▶ Task directions
If pictures are present, leave them out, and copy the data word for word.

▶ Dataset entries
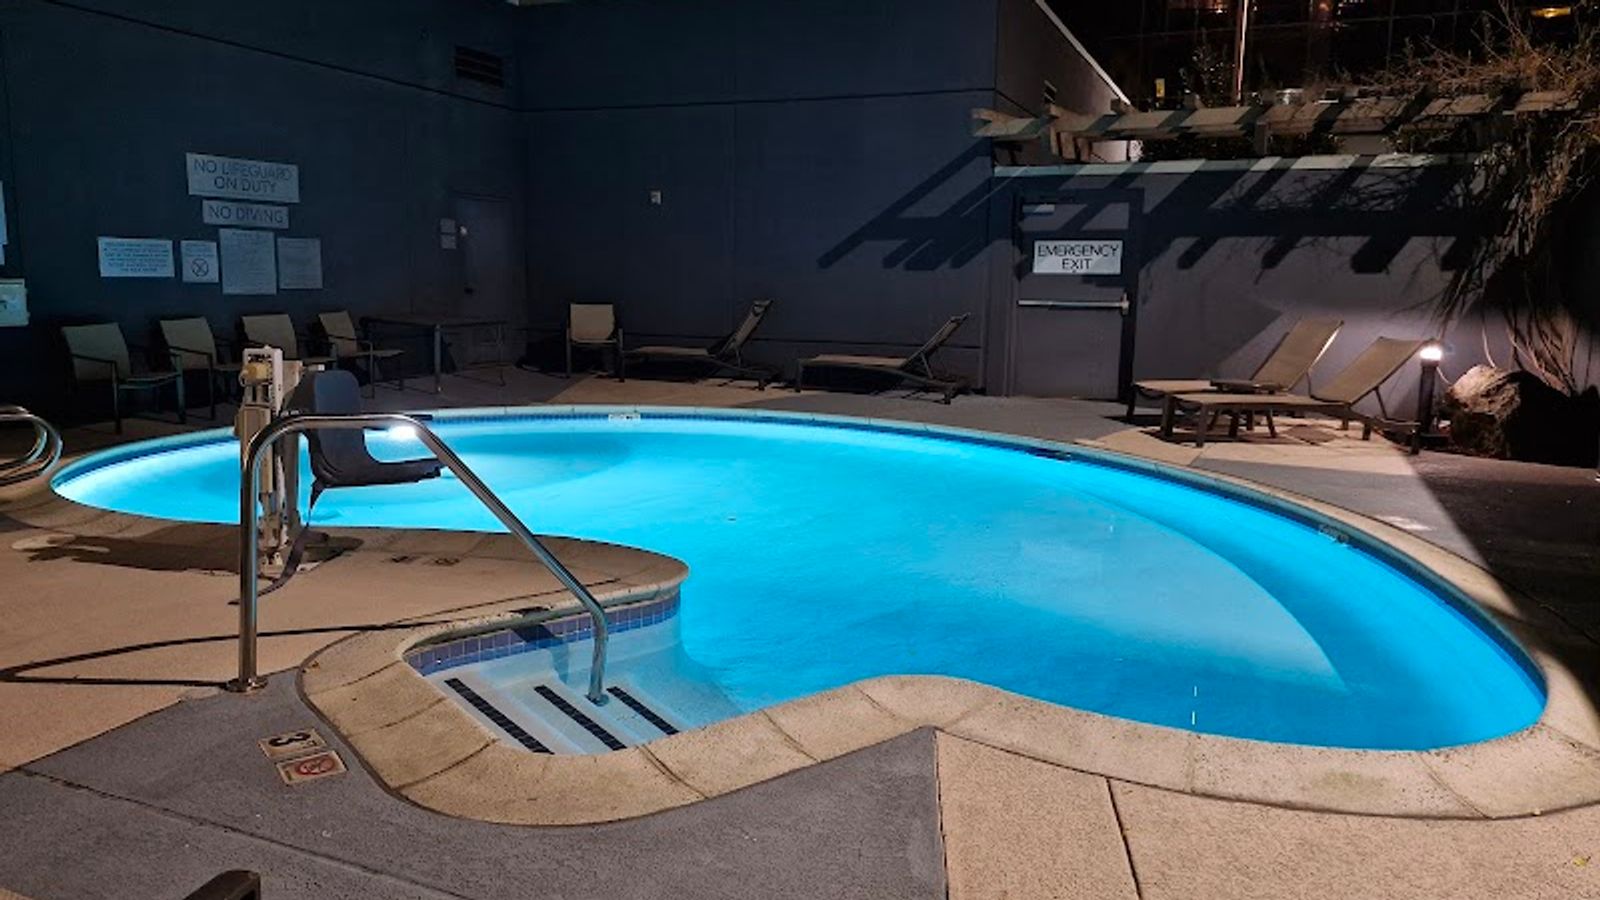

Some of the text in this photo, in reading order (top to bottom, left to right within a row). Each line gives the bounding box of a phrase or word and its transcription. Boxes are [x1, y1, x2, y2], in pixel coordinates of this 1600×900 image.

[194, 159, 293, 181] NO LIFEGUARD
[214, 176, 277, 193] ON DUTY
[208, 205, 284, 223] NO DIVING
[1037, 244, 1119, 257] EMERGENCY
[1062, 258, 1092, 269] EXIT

▶ Solved exercise
Some of the text in this photo, in reading order (top to bottom, left to right within a row). Each line gives the bounding box of a phrase or word and its transcription. Boxes are [x1, y1, x2, y2], in pixel coordinates of this 1600×900 image.

[194, 159, 293, 181] NO LIFEGUARD
[214, 176, 277, 193] ON DUTY
[208, 205, 284, 223] NO DIVING
[1037, 244, 1119, 257] EMERGENCY
[1062, 258, 1092, 269] EXIT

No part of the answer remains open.